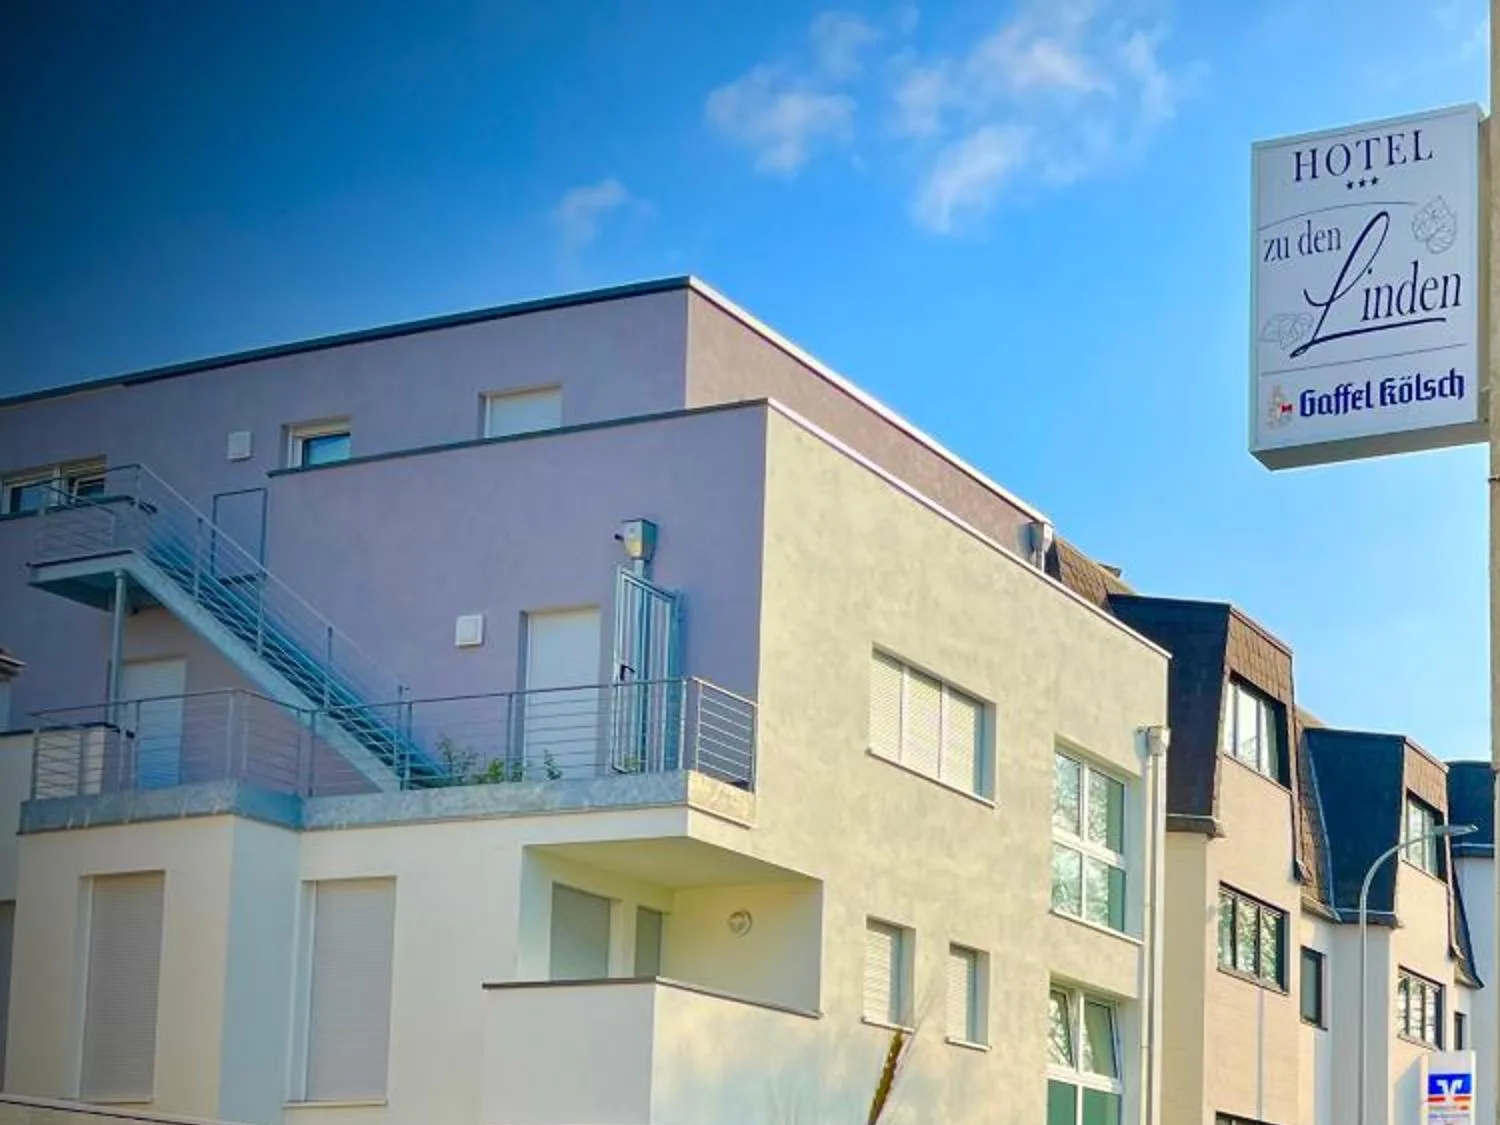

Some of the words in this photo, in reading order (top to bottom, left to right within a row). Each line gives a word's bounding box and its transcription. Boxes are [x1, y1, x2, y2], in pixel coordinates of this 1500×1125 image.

[1294, 129, 1433, 182] HOTEL
[1263, 235, 1289, 263] zu
[1297, 219, 1342, 257] den
[1290, 210, 1462, 359] Linden
[1299, 380, 1374, 417] Gaffel
[1379, 367, 1466, 407] Kölsch
________________
> **Requirement**:
Pictures stay out of the answer; the rest of the listing above is returned exactly.

> **Reply**:
Some of the words in this photo, in reading order (top to bottom, left to right within a row). Each line gives a word's bounding box and its transcription. Boxes are [x1, y1, x2, y2], in pixel coordinates of this 1500×1125 image.

[1294, 129, 1433, 182] HOTEL
[1263, 235, 1289, 263] zu
[1297, 219, 1342, 257] den
[1290, 210, 1462, 359] Linden
[1299, 380, 1374, 417] Gaffel
[1379, 367, 1466, 407] Kölsch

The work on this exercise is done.